[Phrase grounding data]
+--

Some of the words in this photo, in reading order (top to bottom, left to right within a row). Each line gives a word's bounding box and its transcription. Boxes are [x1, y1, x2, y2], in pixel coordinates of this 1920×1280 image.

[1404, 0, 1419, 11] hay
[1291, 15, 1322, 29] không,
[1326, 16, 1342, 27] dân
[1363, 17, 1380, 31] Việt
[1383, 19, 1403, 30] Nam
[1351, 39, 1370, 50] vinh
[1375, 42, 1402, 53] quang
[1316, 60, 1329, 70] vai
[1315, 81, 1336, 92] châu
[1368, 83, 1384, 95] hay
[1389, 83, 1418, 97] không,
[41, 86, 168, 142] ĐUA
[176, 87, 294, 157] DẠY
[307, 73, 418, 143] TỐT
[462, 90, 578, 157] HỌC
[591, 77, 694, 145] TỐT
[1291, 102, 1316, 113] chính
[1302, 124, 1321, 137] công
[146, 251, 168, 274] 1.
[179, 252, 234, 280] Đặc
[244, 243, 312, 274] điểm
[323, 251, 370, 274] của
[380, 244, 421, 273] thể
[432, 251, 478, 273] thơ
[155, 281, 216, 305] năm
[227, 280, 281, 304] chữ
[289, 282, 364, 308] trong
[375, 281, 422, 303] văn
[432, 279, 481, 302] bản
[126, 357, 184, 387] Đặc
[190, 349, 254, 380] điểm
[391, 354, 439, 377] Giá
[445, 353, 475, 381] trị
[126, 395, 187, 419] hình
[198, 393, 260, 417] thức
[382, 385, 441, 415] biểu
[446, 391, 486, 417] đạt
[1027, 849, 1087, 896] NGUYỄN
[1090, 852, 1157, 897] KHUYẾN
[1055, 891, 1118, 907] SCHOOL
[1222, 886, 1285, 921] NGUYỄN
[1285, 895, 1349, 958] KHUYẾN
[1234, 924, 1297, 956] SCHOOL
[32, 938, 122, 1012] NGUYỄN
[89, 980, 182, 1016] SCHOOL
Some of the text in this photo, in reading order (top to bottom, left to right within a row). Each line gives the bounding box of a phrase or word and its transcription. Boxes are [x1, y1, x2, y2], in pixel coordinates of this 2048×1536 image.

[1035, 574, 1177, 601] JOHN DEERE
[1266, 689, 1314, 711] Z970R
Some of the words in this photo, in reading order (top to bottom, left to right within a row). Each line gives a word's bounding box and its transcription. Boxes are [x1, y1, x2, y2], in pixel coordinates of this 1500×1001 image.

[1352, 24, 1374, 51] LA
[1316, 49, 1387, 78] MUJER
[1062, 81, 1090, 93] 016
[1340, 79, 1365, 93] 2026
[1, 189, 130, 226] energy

+--

- **Problem requirements**
Nothing in the records may change. Print all of them.

- **Task answer**
Some of the words in this photo, in reading order (top to bottom, left to right within a row). Each line gives a word's bounding box and its transcription. Boxes are [x1, y1, x2, y2], in pixel coordinates of this 1920×1280 image.

[1404, 0, 1419, 11] hay
[1291, 15, 1322, 29] không,
[1326, 16, 1342, 27] dân
[1363, 17, 1380, 31] Việt
[1383, 19, 1403, 30] Nam
[1351, 39, 1370, 50] vinh
[1375, 42, 1402, 53] quang
[1316, 60, 1329, 70] vai
[1315, 81, 1336, 92] châu
[1368, 83, 1384, 95] hay
[1389, 83, 1418, 97] không,
[41, 86, 168, 142] ĐUA
[176, 87, 294, 157] DẠY
[307, 73, 418, 143] TỐT
[462, 90, 578, 157] HỌC
[591, 77, 694, 145] TỐT
[1291, 102, 1316, 113] chính
[1302, 124, 1321, 137] công
[146, 251, 168, 274] 1.
[179, 252, 234, 280] Đặc
[244, 243, 312, 274] điểm
[323, 251, 370, 274] của
[380, 244, 421, 273] thể
[432, 251, 478, 273] thơ
[155, 281, 216, 305] năm
[227, 280, 281, 304] chữ
[289, 282, 364, 308] trong
[375, 281, 422, 303] văn
[432, 279, 481, 302] bản
[126, 357, 184, 387] Đặc
[190, 349, 254, 380] điểm
[391, 354, 439, 377] Giá
[445, 353, 475, 381] trị
[126, 395, 187, 419] hình
[198, 393, 260, 417] thức
[382, 385, 441, 415] biểu
[446, 391, 486, 417] đạt
[1027, 849, 1087, 896] NGUYỄN
[1090, 852, 1157, 897] KHUYẾN
[1055, 891, 1118, 907] SCHOOL
[1222, 886, 1285, 921] NGUYỄN
[1285, 895, 1349, 958] KHUYẾN
[1234, 924, 1297, 956] SCHOOL
[32, 938, 122, 1012] NGUYỄN
[89, 980, 182, 1016] SCHOOL
Some of the text in this photo, in reading order (top to bottom, left to right within a row). Each line gives the bounding box of a phrase or word and its transcription. Boxes are [x1, y1, x2, y2], in pixel coordinates of this 2048×1536 image.

[1035, 574, 1177, 601] JOHN DEERE
[1266, 689, 1314, 711] Z970R
Some of the words in this photo, in reading order (top to bottom, left to right within a row). Each line gives a word's bounding box and its transcription. Boxes are [x1, y1, x2, y2], in pixel coordinates of this 1500×1001 image.

[1352, 24, 1374, 51] LA
[1316, 49, 1387, 78] MUJER
[1062, 81, 1090, 93] 016
[1340, 79, 1365, 93] 2026
[1, 189, 130, 226] energy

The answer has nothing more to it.